- What you will do:
Give back the records below exactly, every one, with no pictures.
Records for the exercise: Begin
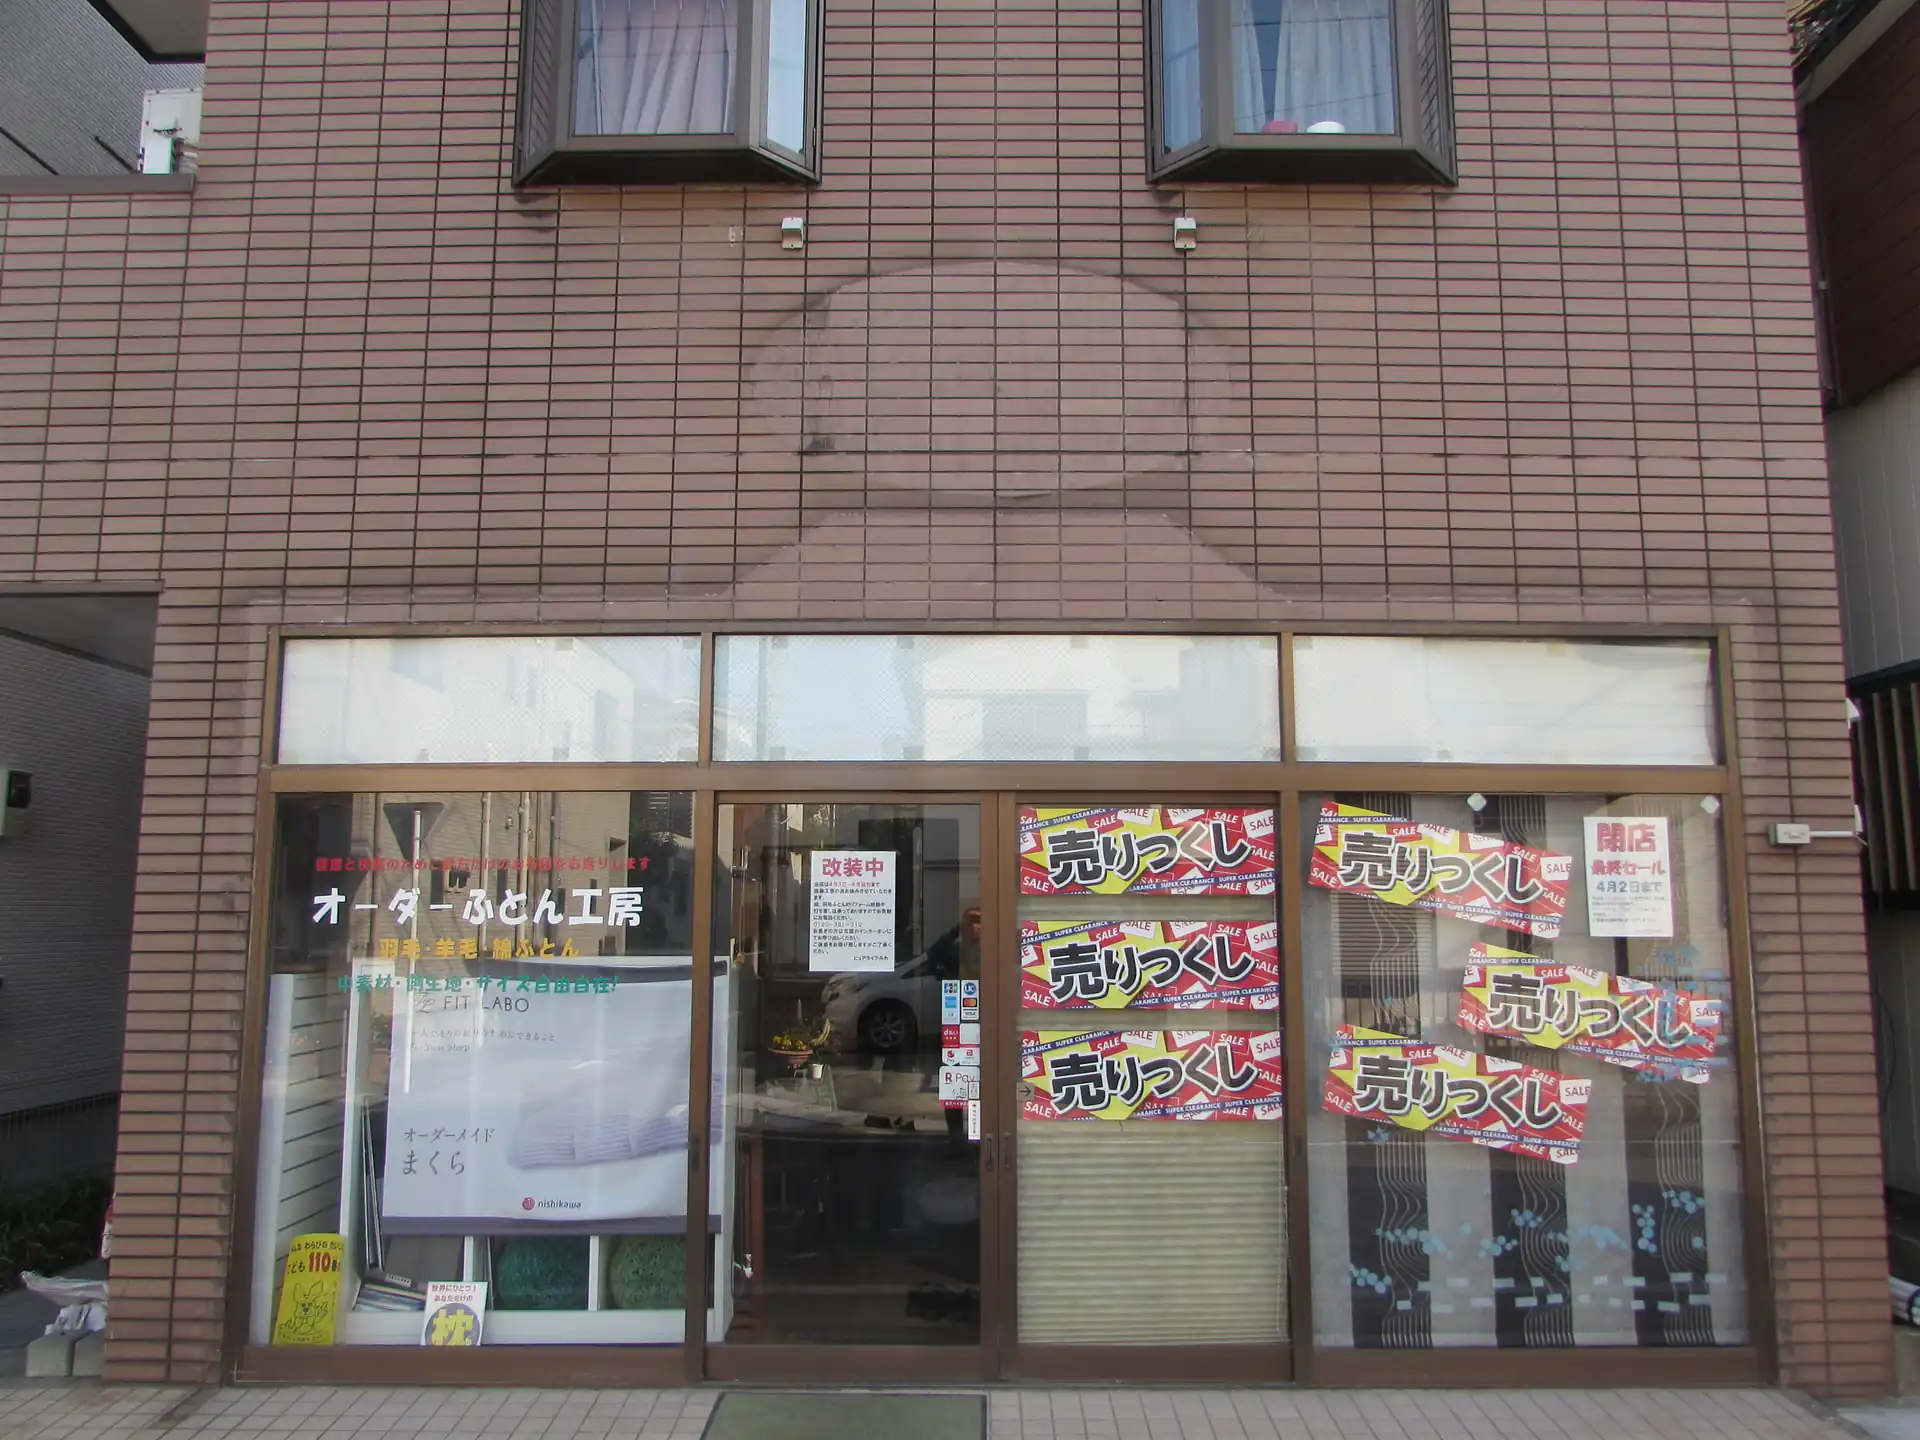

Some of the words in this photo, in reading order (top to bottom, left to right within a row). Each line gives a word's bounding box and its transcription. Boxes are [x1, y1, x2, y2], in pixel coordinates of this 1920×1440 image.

[1053, 816, 1071, 824] SUPER
[1093, 814, 1117, 829] SALE
[1213, 811, 1239, 824] SALE
[1393, 826, 1416, 836] SALE
[1596, 822, 1657, 852] 閉店
[1048, 820, 1251, 888] 売りつくし
[1511, 845, 1537, 863] SALE
[822, 857, 884, 878] 改装中
[1338, 830, 1543, 903] 売りつくし
[1591, 859, 1666, 876] 最終セール
[1023, 876, 1050, 892] SALE
[1311, 866, 1337, 888] SALE
[1596, 880, 1663, 893] 4月2日まで
[312, 886, 644, 926] オーダーふとん工房
[1054, 929, 1073, 937] SUPER
[1095, 927, 1119, 942] SALE
[1215, 924, 1242, 937] SALE
[378, 937, 581, 960] 羽毛・羊毛・綿ふとん
[1049, 933, 1255, 1002] 売りつくし
[1541, 968, 1564, 978] SALE
[443, 995, 471, 1011] FIT
[482, 996, 530, 1013] LABO
[1024, 989, 1051, 1006] SALE
[1486, 971, 1693, 1048] 売りつくし
[1459, 1008, 1486, 1030] SALE
[1055, 1038, 1074, 1047] SUPER
[1096, 1037, 1120, 1052] SALE
[1218, 1033, 1245, 1046] SALE
[1408, 1049, 1432, 1059] SALE
[945, 1072, 953, 1084] R
[1050, 1043, 1258, 1114] 売りつくし
[1529, 1068, 1556, 1086] SALE
[1353, 1053, 1562, 1128] 売りつくし
[1025, 1101, 1052, 1118] SALE
[1326, 1091, 1353, 1113] SALE
[402, 1126, 496, 1144] オーダーメイド
[401, 1150, 467, 1175] まくら
[537, 1198, 582, 1210] nishikawa
[308, 1251, 331, 1273] 110
[431, 1309, 475, 1346] 枕
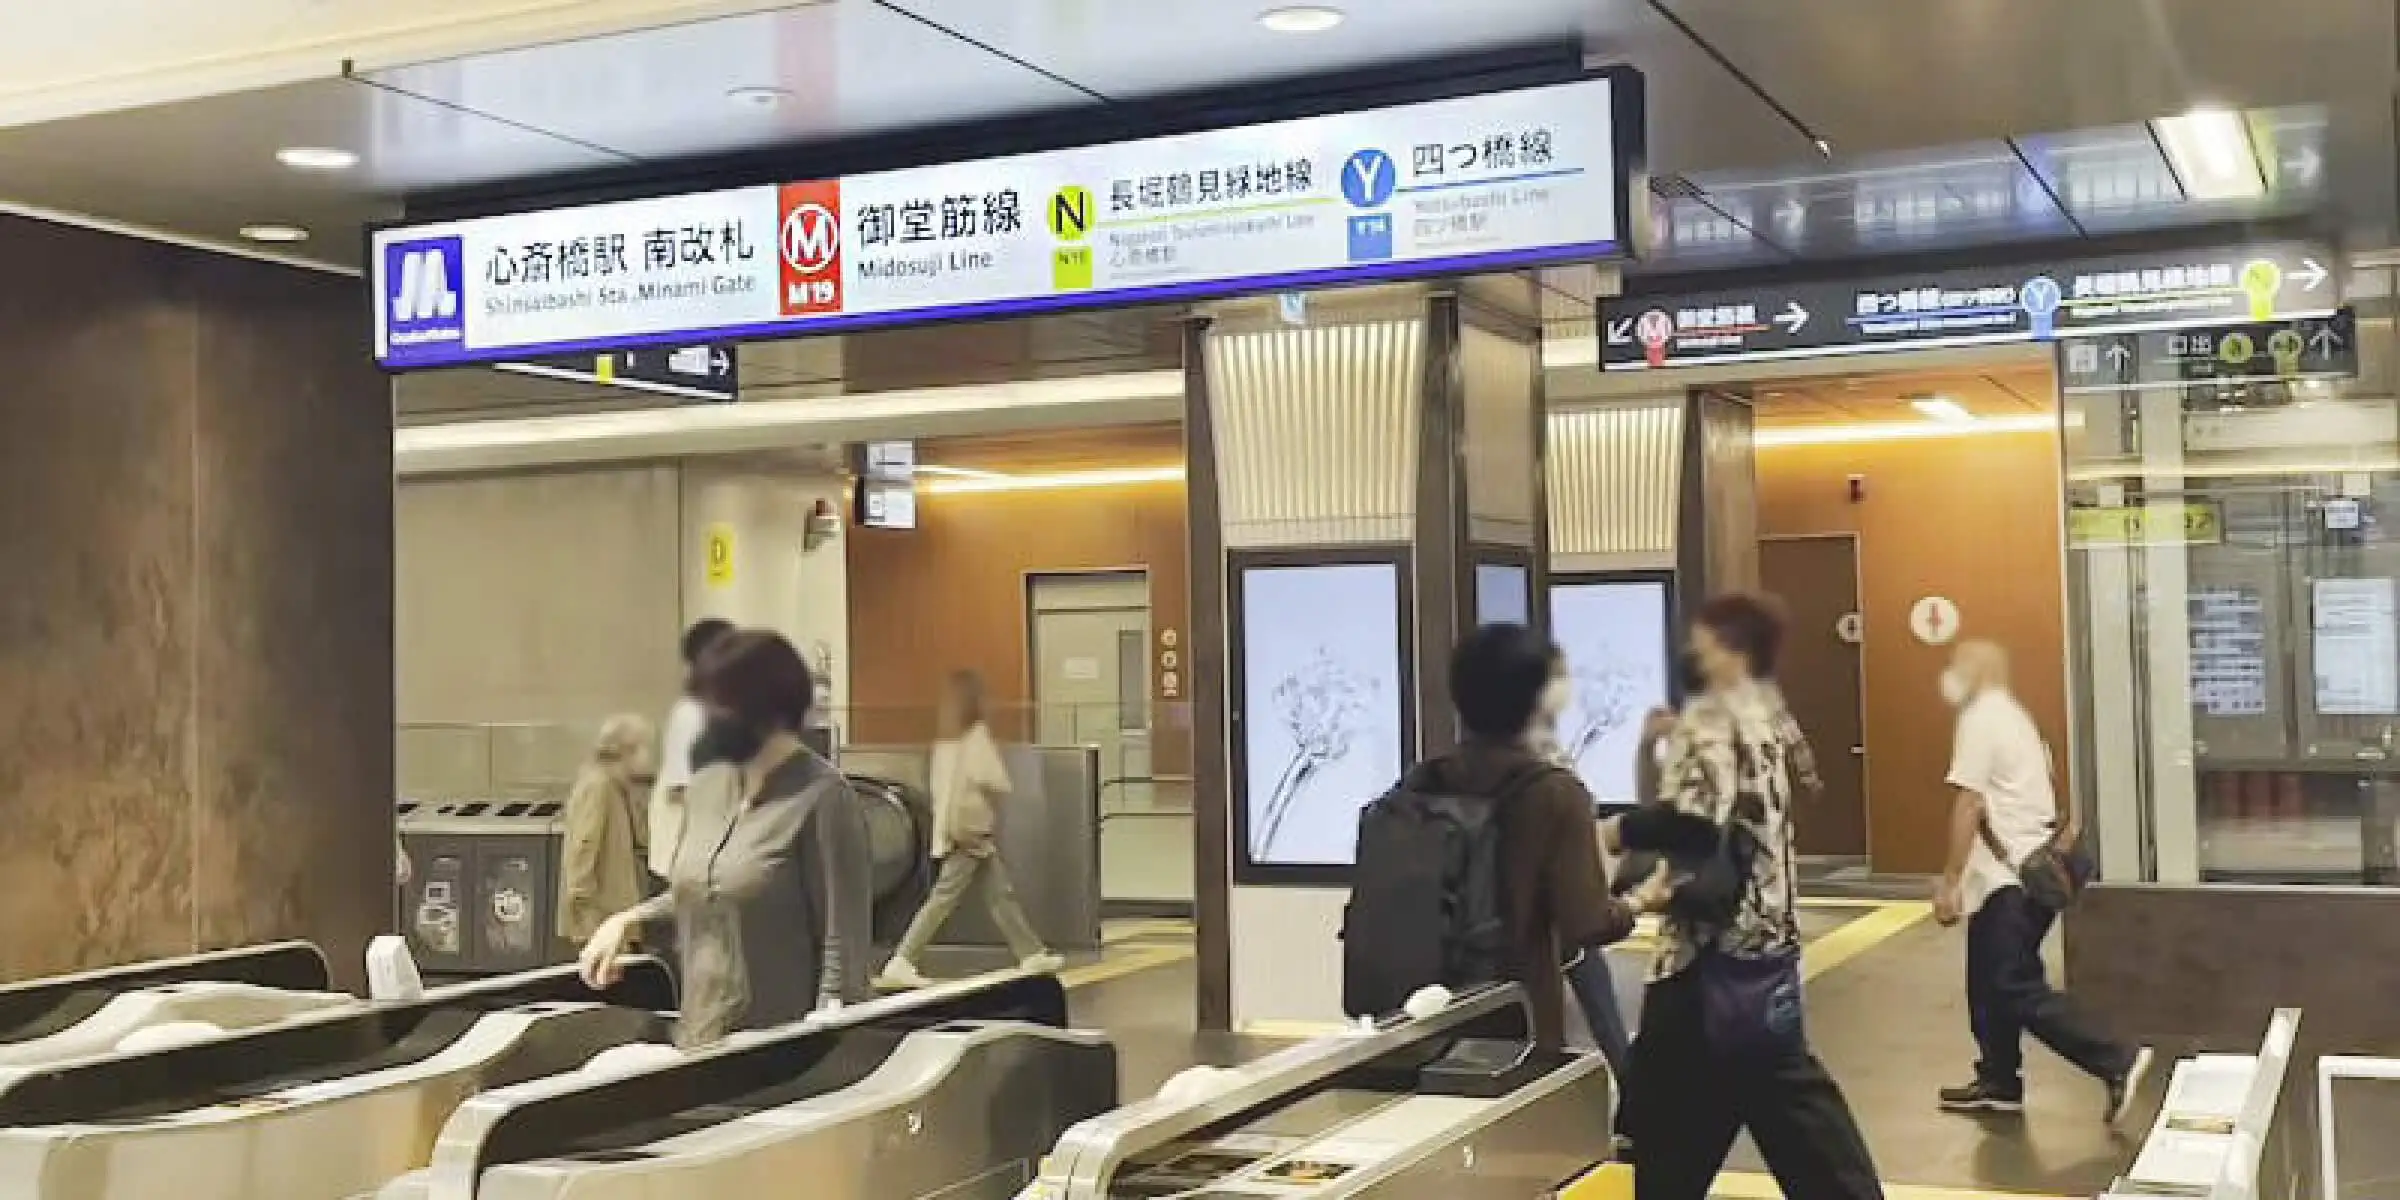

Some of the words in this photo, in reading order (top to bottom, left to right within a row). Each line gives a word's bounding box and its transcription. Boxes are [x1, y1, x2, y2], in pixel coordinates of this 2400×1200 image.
Records for the exercise: End
- Task response:
Some of the words in this photo, in reading order (top to bottom, left to right within a row). Each line gives a word's bounding box and its transcription. Boxes are [x1, y1, x2, y2], in pixel coordinates of this 1920×1440 image.

[1053, 816, 1071, 824] SUPER
[1093, 814, 1117, 829] SALE
[1213, 811, 1239, 824] SALE
[1393, 826, 1416, 836] SALE
[1596, 822, 1657, 852] 閉店
[1048, 820, 1251, 888] 売りつくし
[1511, 845, 1537, 863] SALE
[822, 857, 884, 878] 改装中
[1338, 830, 1543, 903] 売りつくし
[1591, 859, 1666, 876] 最終セール
[1023, 876, 1050, 892] SALE
[1311, 866, 1337, 888] SALE
[1596, 880, 1663, 893] 4月2日まで
[312, 886, 644, 926] オーダーふとん工房
[1054, 929, 1073, 937] SUPER
[1095, 927, 1119, 942] SALE
[1215, 924, 1242, 937] SALE
[378, 937, 581, 960] 羽毛・羊毛・綿ふとん
[1049, 933, 1255, 1002] 売りつくし
[1541, 968, 1564, 978] SALE
[443, 995, 471, 1011] FIT
[482, 996, 530, 1013] LABO
[1024, 989, 1051, 1006] SALE
[1486, 971, 1693, 1048] 売りつくし
[1459, 1008, 1486, 1030] SALE
[1055, 1038, 1074, 1047] SUPER
[1096, 1037, 1120, 1052] SALE
[1218, 1033, 1245, 1046] SALE
[1408, 1049, 1432, 1059] SALE
[945, 1072, 953, 1084] R
[1050, 1043, 1258, 1114] 売りつくし
[1529, 1068, 1556, 1086] SALE
[1353, 1053, 1562, 1128] 売りつくし
[1025, 1101, 1052, 1118] SALE
[1326, 1091, 1353, 1113] SALE
[402, 1126, 496, 1144] オーダーメイド
[401, 1150, 467, 1175] まくら
[537, 1198, 582, 1210] nishikawa
[308, 1251, 331, 1273] 110
[431, 1309, 475, 1346] 枕

Some of the words in this photo, in reading order (top to bottom, left to right within a row). Each line gives a word's bounding box and its transcription. Boxes are [x1, y1, x2, y2], in pixel coordinates of this 2400×1200 image.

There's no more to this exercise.